**Saved entries:**
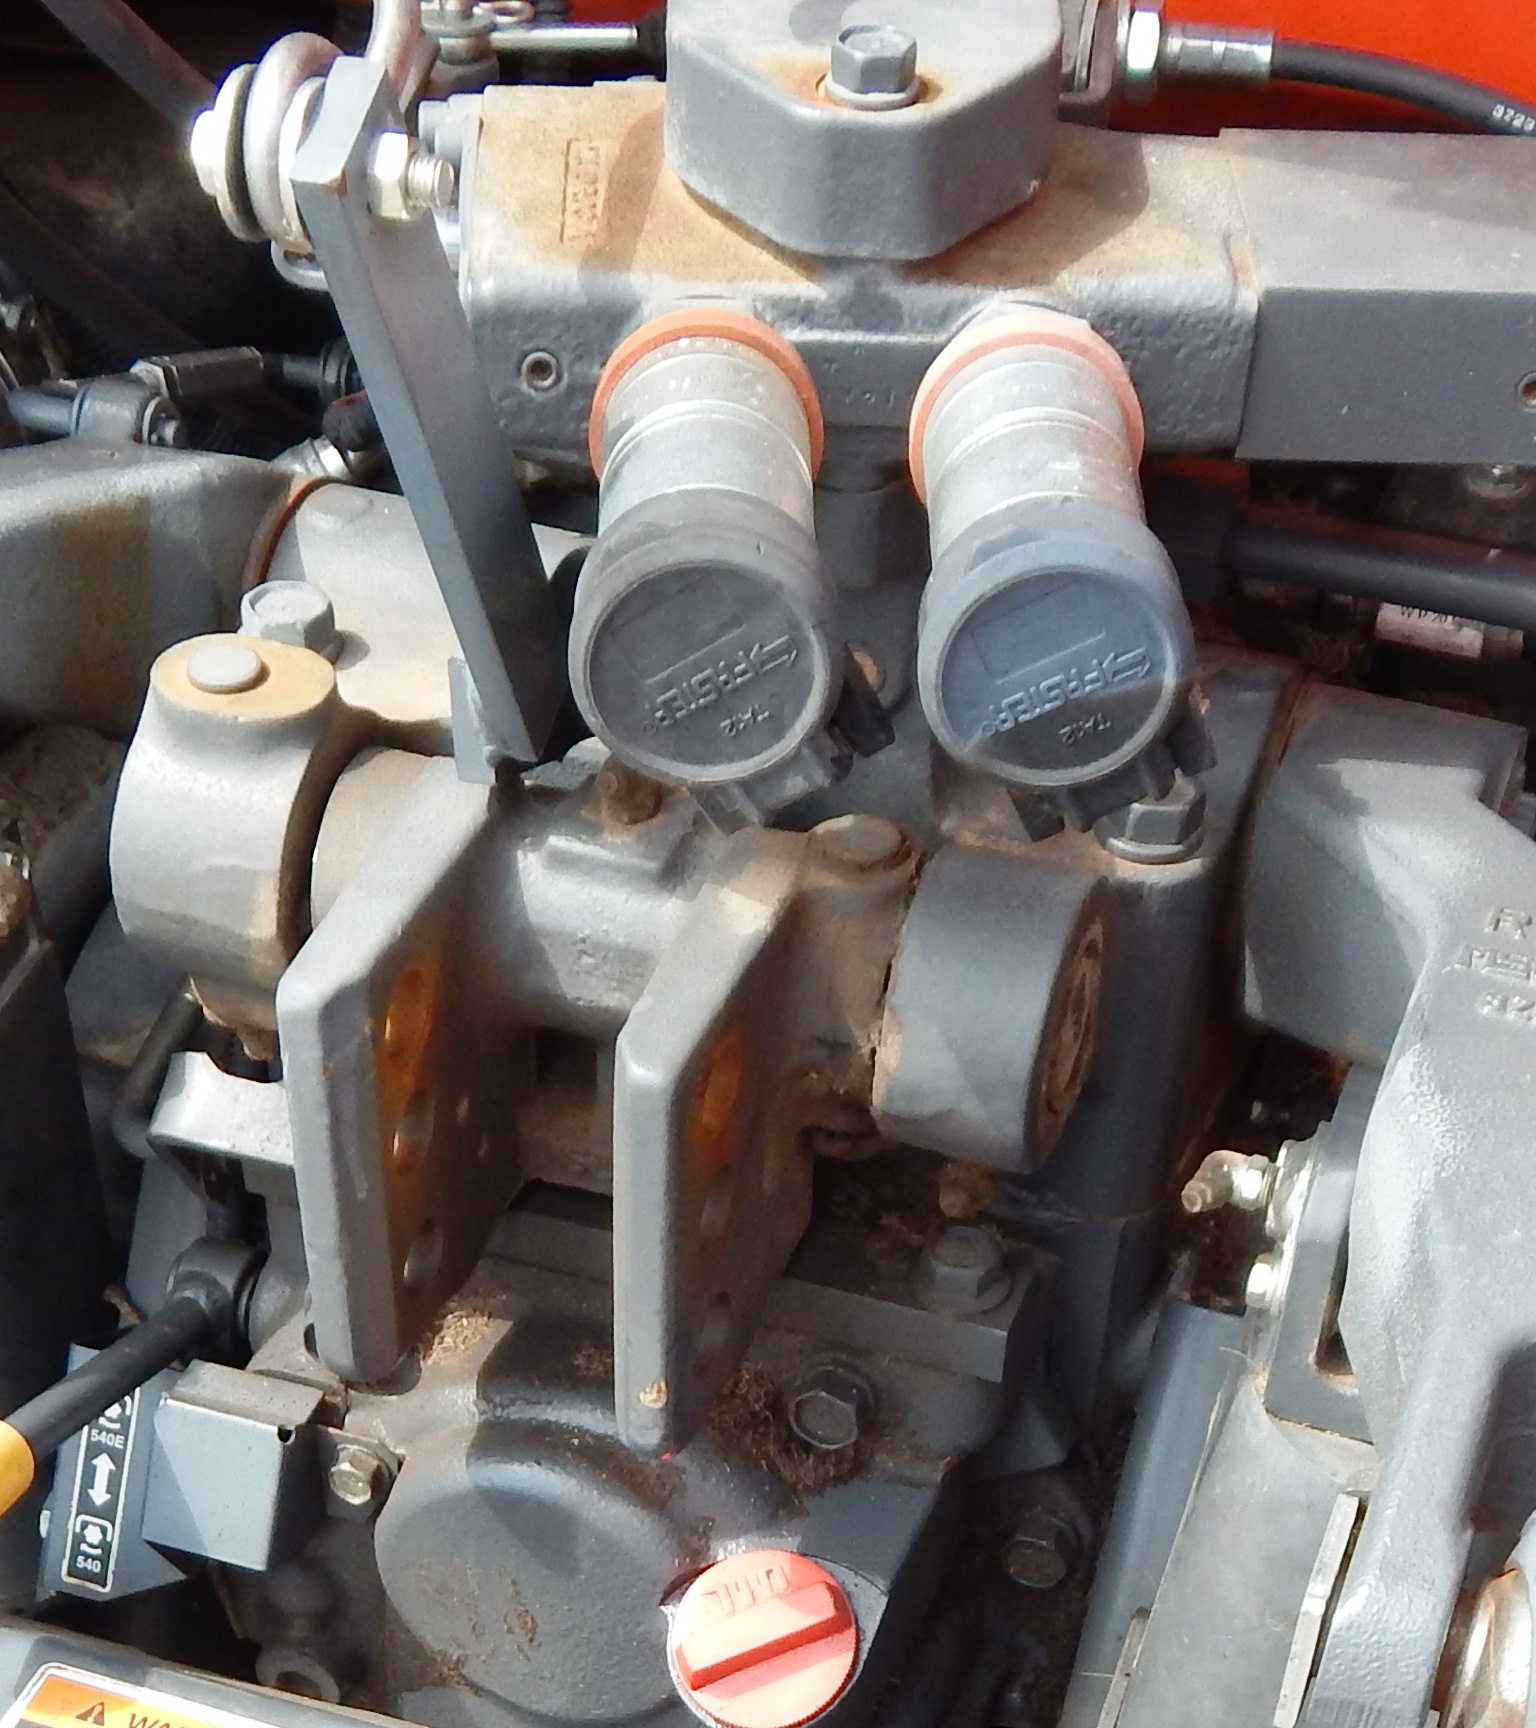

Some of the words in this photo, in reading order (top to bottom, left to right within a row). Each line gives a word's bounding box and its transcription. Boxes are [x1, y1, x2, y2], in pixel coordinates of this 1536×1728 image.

[642, 650, 754, 728] FASTER
[987, 658, 1109, 734] FASTER
[1484, 907, 1532, 939] R
[90, 1428, 126, 1450] 540E
[75, 1555, 103, 1574] 540

**Task objective:**
Write the data above out again exactly, minus its pictures.

**Answer section:**
Some of the words in this photo, in reading order (top to bottom, left to right within a row). Each line gives a word's bounding box and its transcription. Boxes are [x1, y1, x2, y2], in pixel coordinates of this 1536×1728 image.

[642, 650, 754, 728] FASTER
[987, 658, 1109, 734] FASTER
[1484, 907, 1532, 939] R
[90, 1428, 126, 1450] 540E
[75, 1555, 103, 1574] 540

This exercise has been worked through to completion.